= Jimmy Foster (racing driver) =

American racing driver

Jimmy Foster (born March 1, 1977, in Ormond Beach, Florida) is a United States former NASCAR driver. He was a part-time driver on the Busch Series from 1997 to 1999.

Before competing in the Busch Series, Foster was an avid competitor at Florida tracks, winning more than 200 races by the age of 15. He then competed in the NASCAR Goody's Dash Series in 1996, winning once and clinching the series' Rookie of the Year award while finishing seventh in series points. His season got off to a wild start at Daytona though; while running second, a tire blew on his car, sending him spinning before his car went airborne on the tri-oval for several feet before landing back on the track. He walked away okay, but the accident marked the last straw by Goody's Dash officials regarding airborne crashes as they mandated the roof flaps on all the cars, just like in NASCAR's top tier series, starting the next year in 1997, however airborne crashes and flips were still very common throughout the rest of the series' existence.
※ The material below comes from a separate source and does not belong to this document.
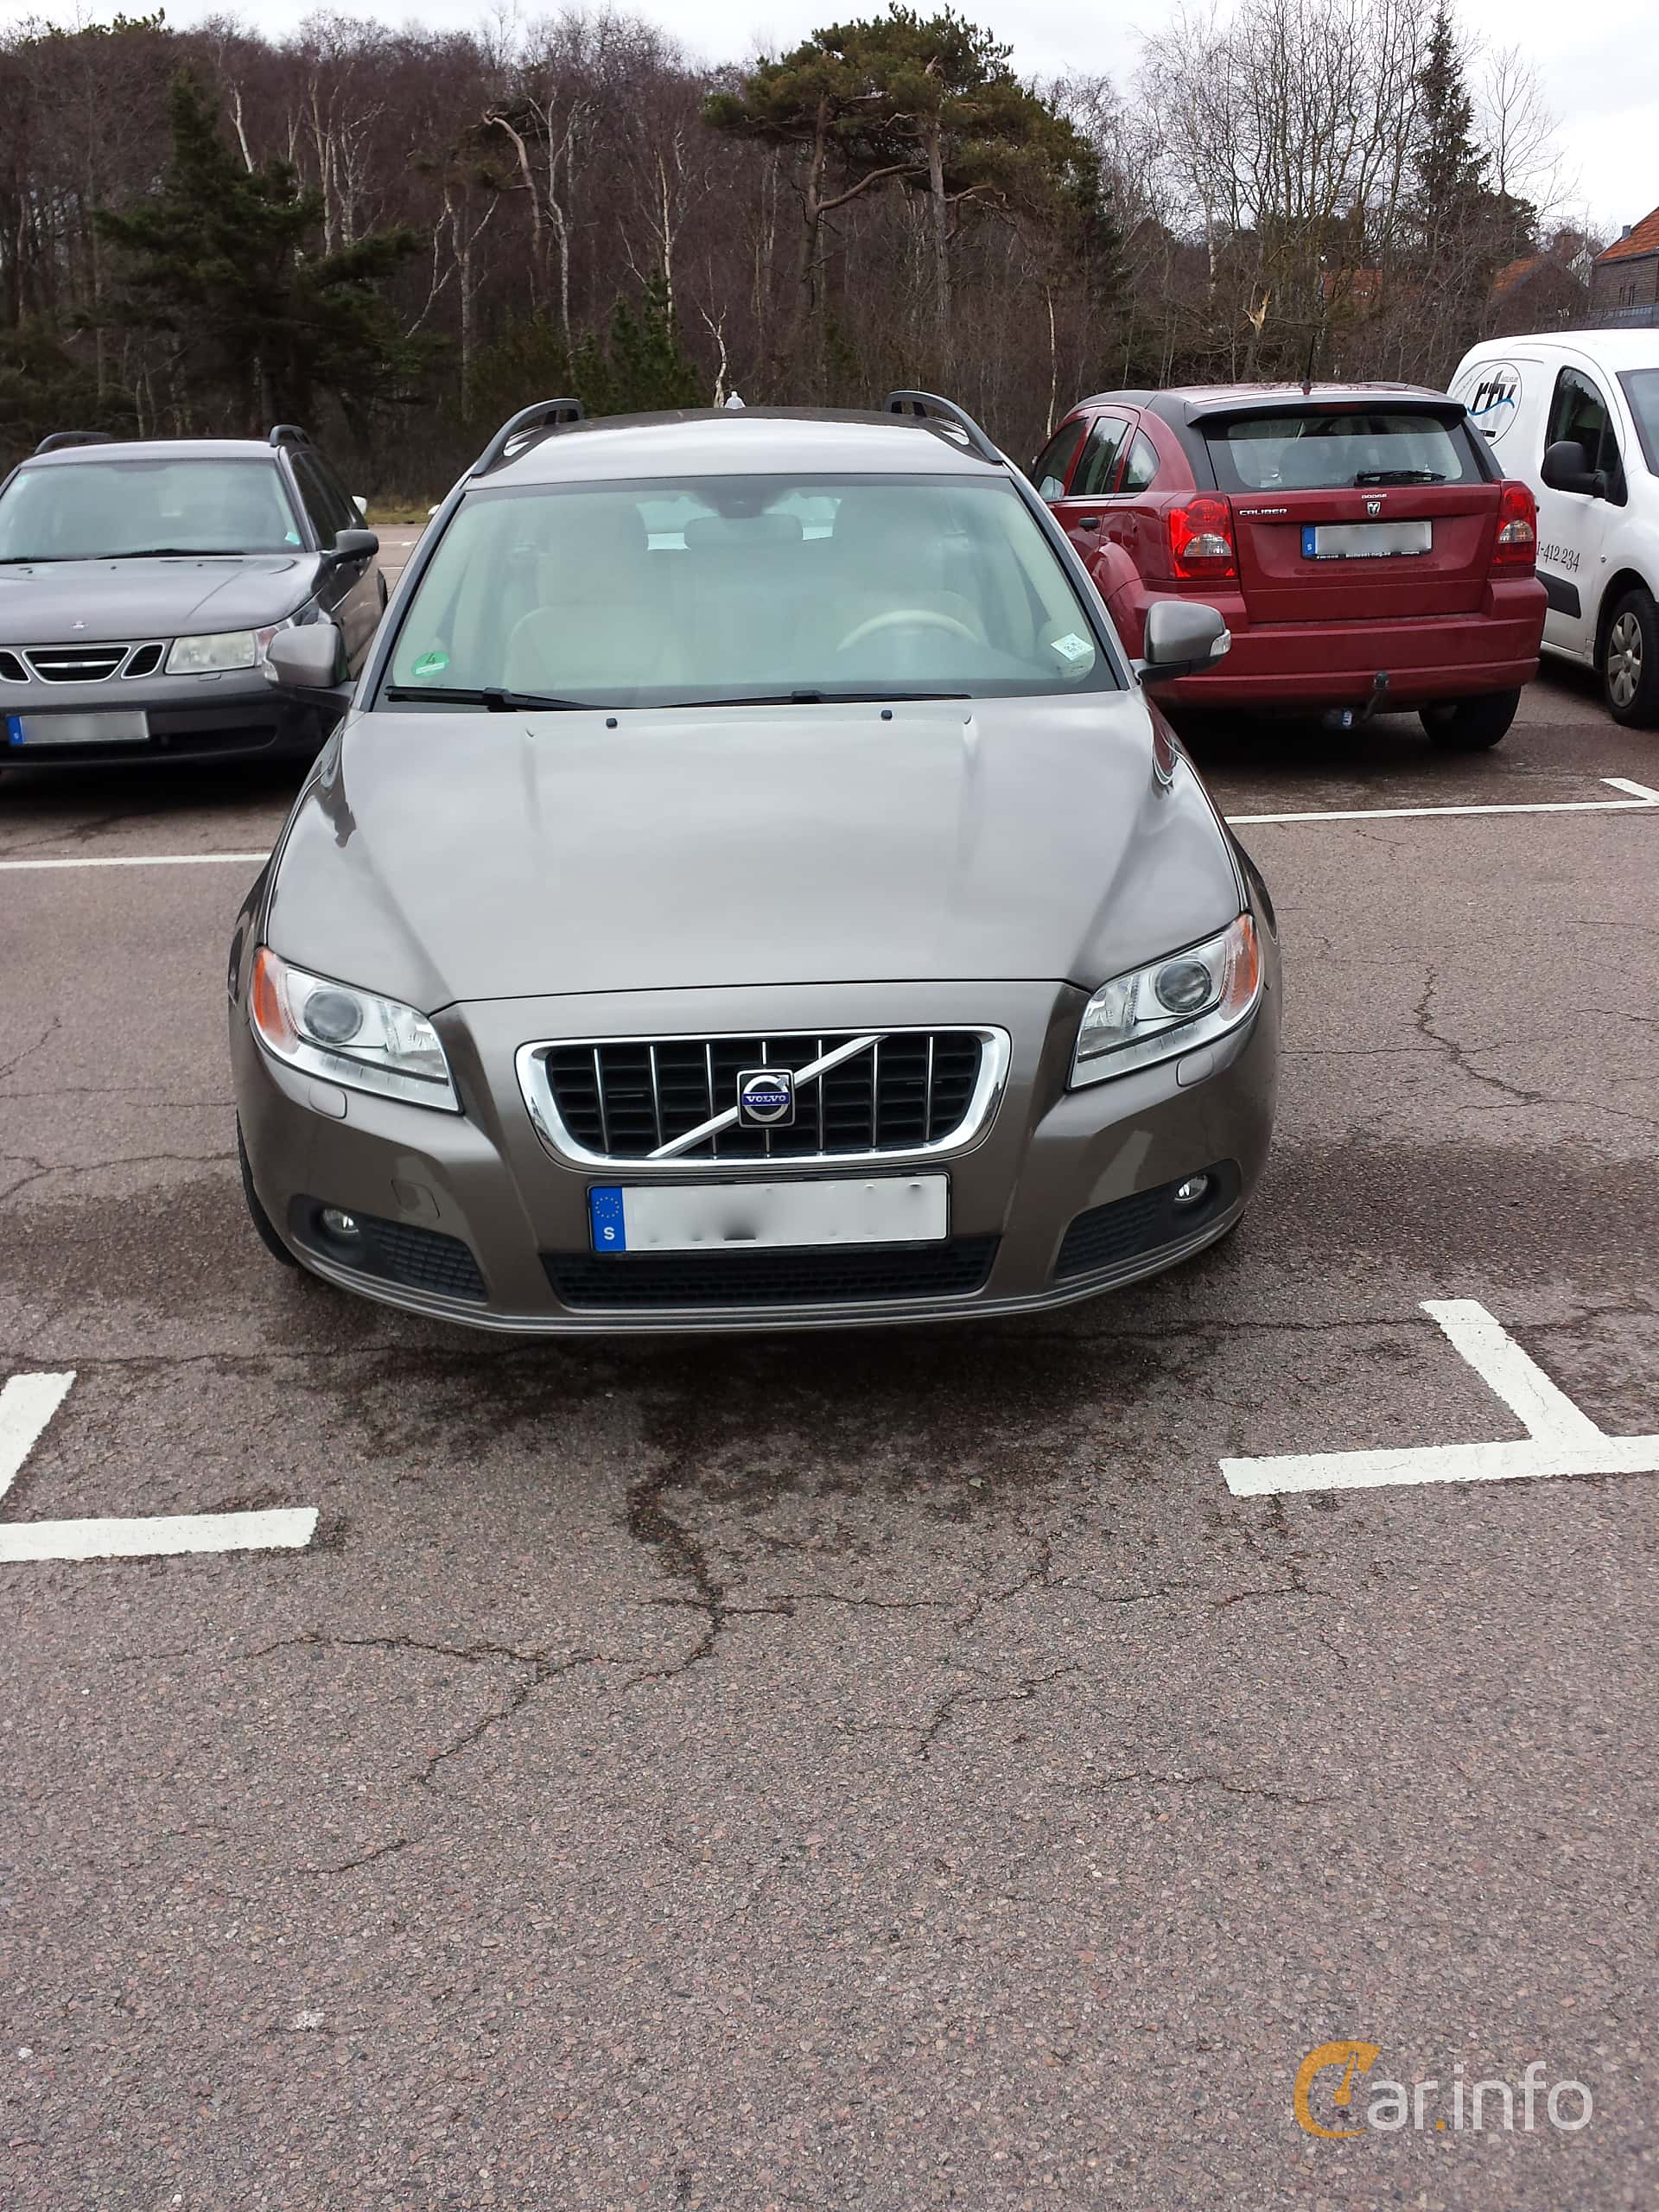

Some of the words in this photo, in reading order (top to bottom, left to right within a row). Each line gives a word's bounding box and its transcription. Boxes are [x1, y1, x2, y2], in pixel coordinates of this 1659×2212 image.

[1560, 548, 1580, 572] 234
[425, 652, 435, 664] 4
[603, 1227, 614, 1240] S
Foster made his Busch Series debut the next year in 1997, running the No. 11 Key Motorsports Chevy at North Carolina Speedway, Rockingham. He started 36th and only managed to finish 35th. However, he was able to complete the race. Foster gradually improved as he would end up making ten starts in all in the season. His best run was a 16th at New Hampshire International Speedway and started 13th at Lowe's Motor Speedway, Charlotte. However, inconsistently weighed the team down and Foster was ultimately released. He did not finish in five of ten starts and managed only 51st in points. He did not race further in the season.
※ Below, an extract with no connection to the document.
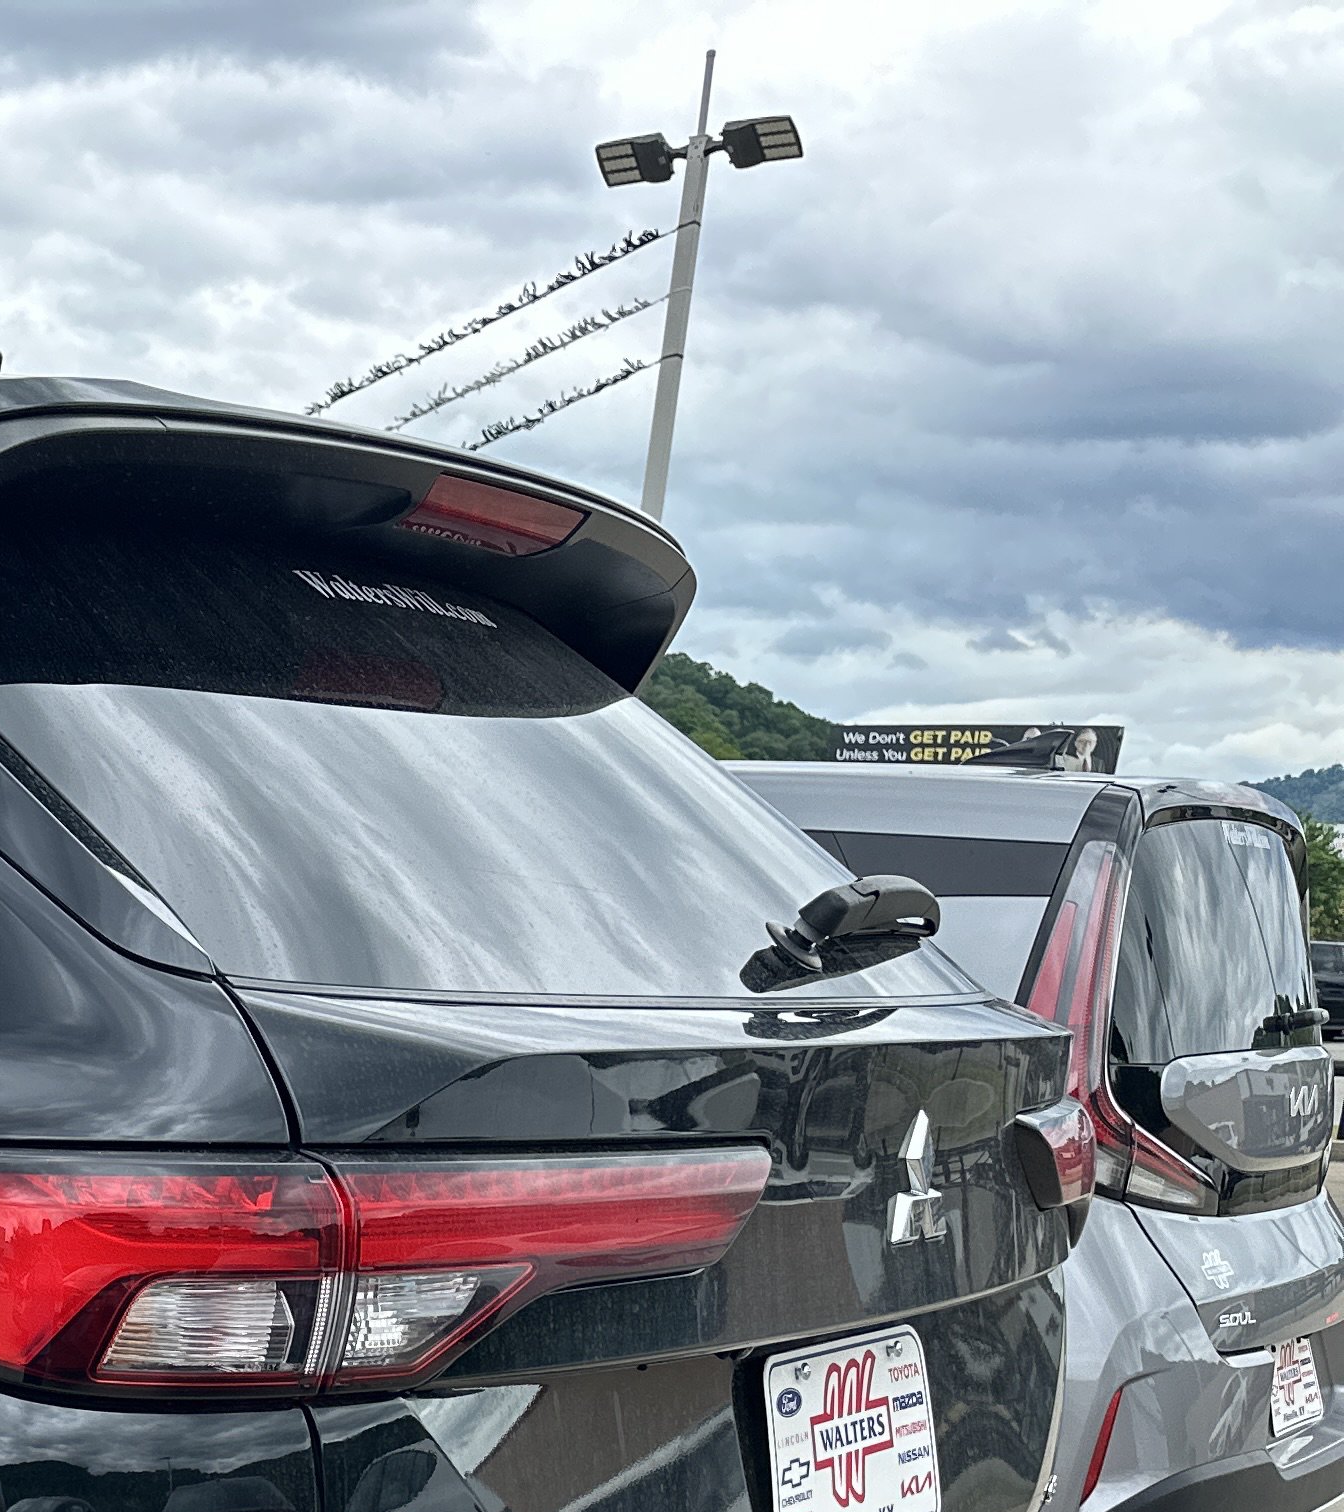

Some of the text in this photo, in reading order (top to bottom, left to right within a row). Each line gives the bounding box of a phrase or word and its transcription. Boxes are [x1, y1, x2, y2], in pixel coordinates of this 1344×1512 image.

Foster ran five races in 1998, all for Washington-Erving Motorsports. He struggled in his starts, only finishing one race. That race, at Nashville Speedway USA, was his best finish of the year with a 25th. Foster's qualifying was significantly improved, however. He started 11th at Bristol Motor Speedway, Tennessee, and ninth at Texas Motor Speedway, his first career top-ten start. However, the poor results led to Foster's unemployment once again.
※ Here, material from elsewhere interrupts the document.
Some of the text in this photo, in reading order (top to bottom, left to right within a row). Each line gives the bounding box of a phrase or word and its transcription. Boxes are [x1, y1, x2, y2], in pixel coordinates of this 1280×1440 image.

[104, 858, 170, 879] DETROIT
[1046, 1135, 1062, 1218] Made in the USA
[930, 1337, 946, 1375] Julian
Foster then had another wild accident to begin his 1999 season. During his brief comeback to the Goody's Dash series in the Discount Auto Parts 200 at Daytona, Foster went on his side after making contact in a three wide situation with Derrick Kelley and Scott Krehling in a big accident that also saw Brent Moore go upside down on the backstretch for several feet. Once again, he emerged from the wreck without injury. That wreck was one of many big accidents in a race won by Christian Elder, in which another massive accident occurred on the tri-oval on lap 11 involving injuries between Scott Weaver and George Crenshaw, but both were overshadowed by the biggest accident of the race with six to go when Danny Bagwell went for a horrific barrel roll in between the exit of turn 4 and the tri-oval in what many call the worst accident in Goody's Dash series history. Bagwell was also okay. Later that year, Foster ran his final career Busch series race, driving for Blaise Alexander's No. 20 at Myrtle Beach Speedway. He started the race in 15th, but once again could not finish the race. He was 34th after overheating and it would prove to be the end of Foster's NASCAR career.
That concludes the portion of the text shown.